8mo ago

SearXNG Instance on NixOS

I've been trying to create a public instance of SearXNG by using NixOS, Cloudflare and Nginx, but I can't seem to make it open to the internet and I've ran out of ideas. Is there anything I'm overlooking?

 undefined

    
services.searx = {
    enable = true;
    redisCreateLocally = true;
        limiterSettings = {
      real_ip = {
        x_for = 1;

        ipv4_prefix = 32;
        ipv6_prefix = 56;
      };
    botdetection = {
        ip_limit = {
          filter_link_local = true;
          link_token = true;
        };
        ip_lists = {
          pass_ip = [
            "192.168.0.0/16"
            "fe80::/10"
          ];
          pass_searxng_org = true;
        };
      };
    };
    runInUwsgi = true;
    uwsgiConfig = {
      socket = "/run/searx/searx.sock";
      http = ":8888";
      chmod-socket = "660";
      disable-logging = true;
    };
    settings = {
      general = {
        debug = false;
        instance_name = "SearXNG Instance";
        donation_url = false;
        contact_url = false;
        enable_metrics = false;
      };

      ui = {
        static_use_hash = true;
        theme_args.simple_style = "dark";
        query_in_title = true;
        center_alignment = true;
        results_on_new_tab = false;
      };

      search = {
        safe_search = 2;
        autocomplete_min = 2;
        autocomplete = "duckduckgo";
      };

      server = {
        port = 8888;
        bind_address = "0.0.0.0";
        secret_key = config.sops.secrets.searx.path;
        image_proxy = true;
        method = "GET";

        default_locale = "en";
        default_lang = "en-US";
        base_url = "https://myinstance.org";
        public_instance = true;
      };
      engines = lib.mapAttrsToList (name: value: {inherit name;} // value) {
        "duckduckgo".disabled = false;
        "brave".disabled = true;
      };
      outgoing = {
        request_timeout = 5.0;
        max_request_timeout = 15.0;
        pool_connections = 100;
        pool_maxsize = 15;
        enable_http2 = true;
      };
    };
  };

 undefined

    
  services.nginx = {
    enable = true;
    recommendedGzipSettings = true;
    recommendedOptimisation = true;
    recommendedProxySettings = true;
    recommendedTlsSettings = true;
    virtualHosts = {
      "myinstance.org" = {
        forceSSL = true;
        sslCertificate = config.sops.secrets."SSL-Certificates/Cloudflare/Cert".path;
        sslCertificateKey = config.sops.secrets."SSL-Certificates/Cloudflare/Key".path;
        locations = {
          "/" = {
            extraConfig = ''
              uwsgi_pass unix:${config.services.searx.uwsgiConfig.socket};
            '';
          };
        };
      };
    };
  };

5 comments

I see you've activated the services but have you opened the firewall to outside traffic?
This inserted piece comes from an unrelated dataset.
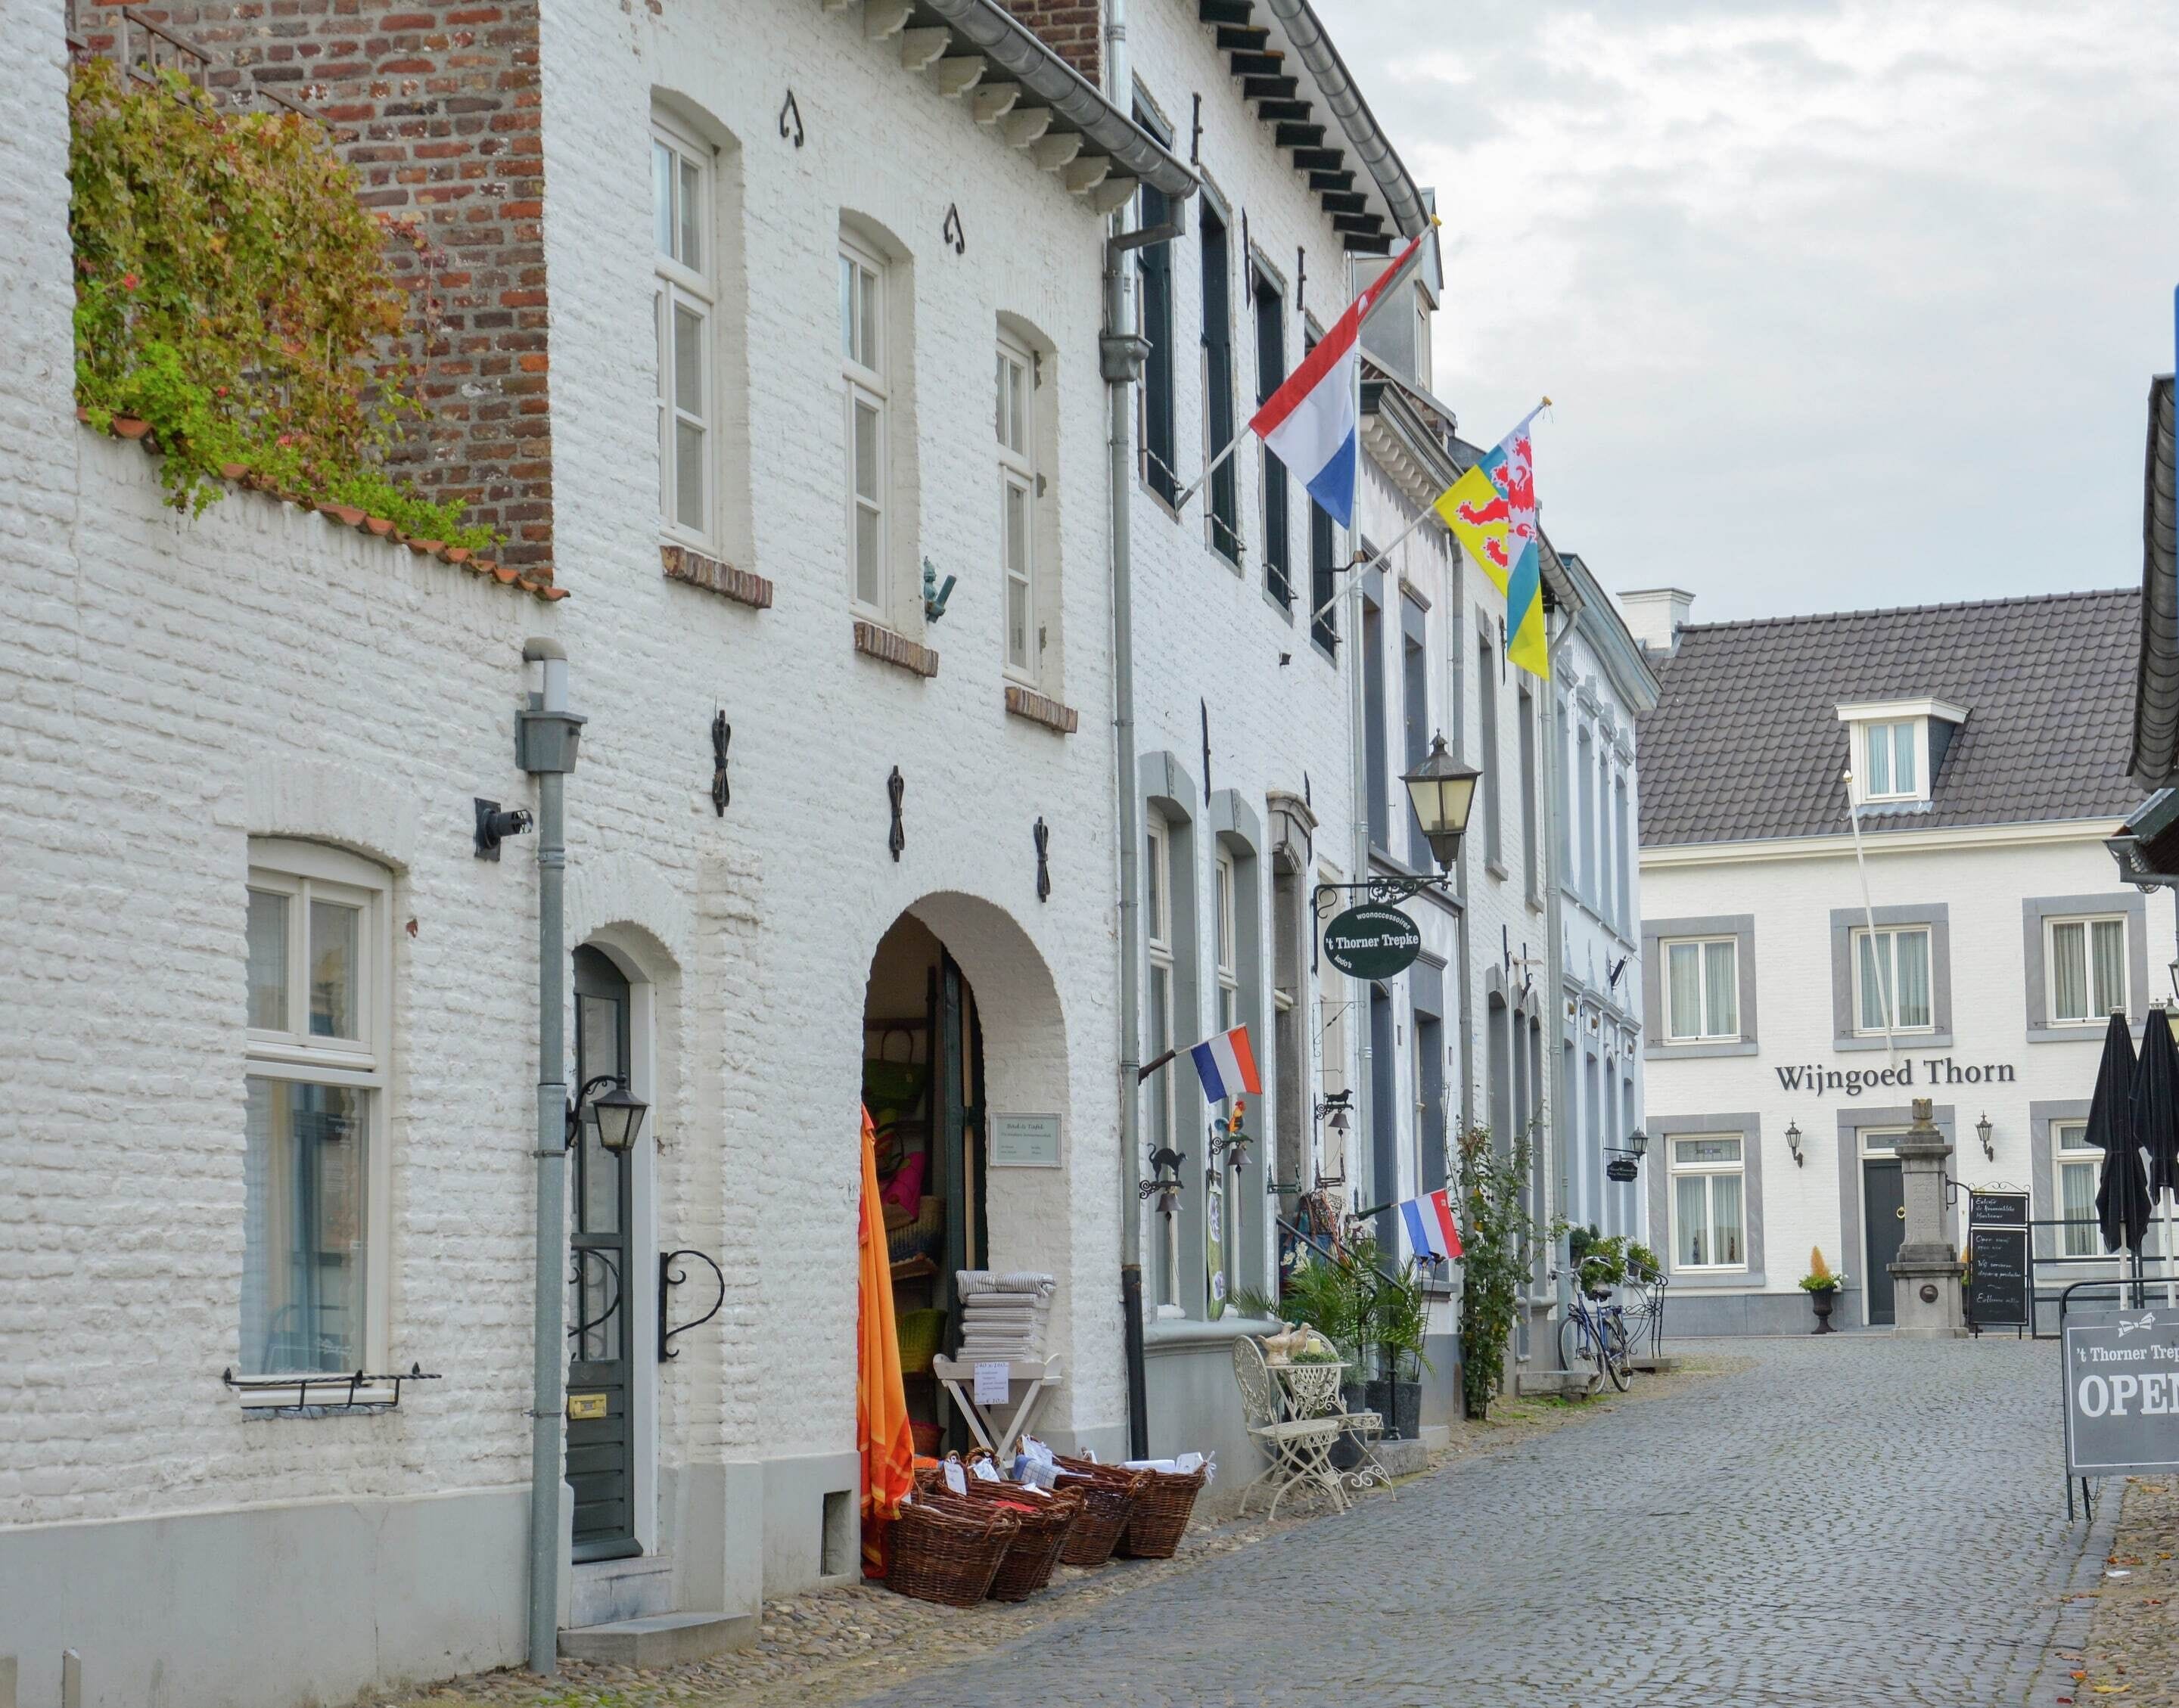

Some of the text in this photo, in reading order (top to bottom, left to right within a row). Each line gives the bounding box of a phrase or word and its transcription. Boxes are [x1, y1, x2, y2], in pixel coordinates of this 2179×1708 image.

Can't remember which option that is...
Port 80 and 443 should do the trick. I see your searchxng instance is bound to 0.0.0.0, but it might be better to be explicit and use localhost after opening your firewall. You wouldn't want the public internet to access it directly (I assume).
Anti Commercial-AI license
- Yeah, good point about the localhost. The ports are fine however. The actual error that I'm getting is coming from nginx: *1 connect() to unix:/run/searx/searx.sock failed (13: Permission denied) while connecting to upstream. I have added the searx and nginx groups to my main user (which I have to find a workout for anyway, since it might prove to be a security problem), yet it still does not work.
  
  Oooh! Check the users of searx and nginx! They don't use your user but their own ones. You might have to add the searx user to the nginx user's group, or vice versa, or a new common group.
  Anti Commercial-AI license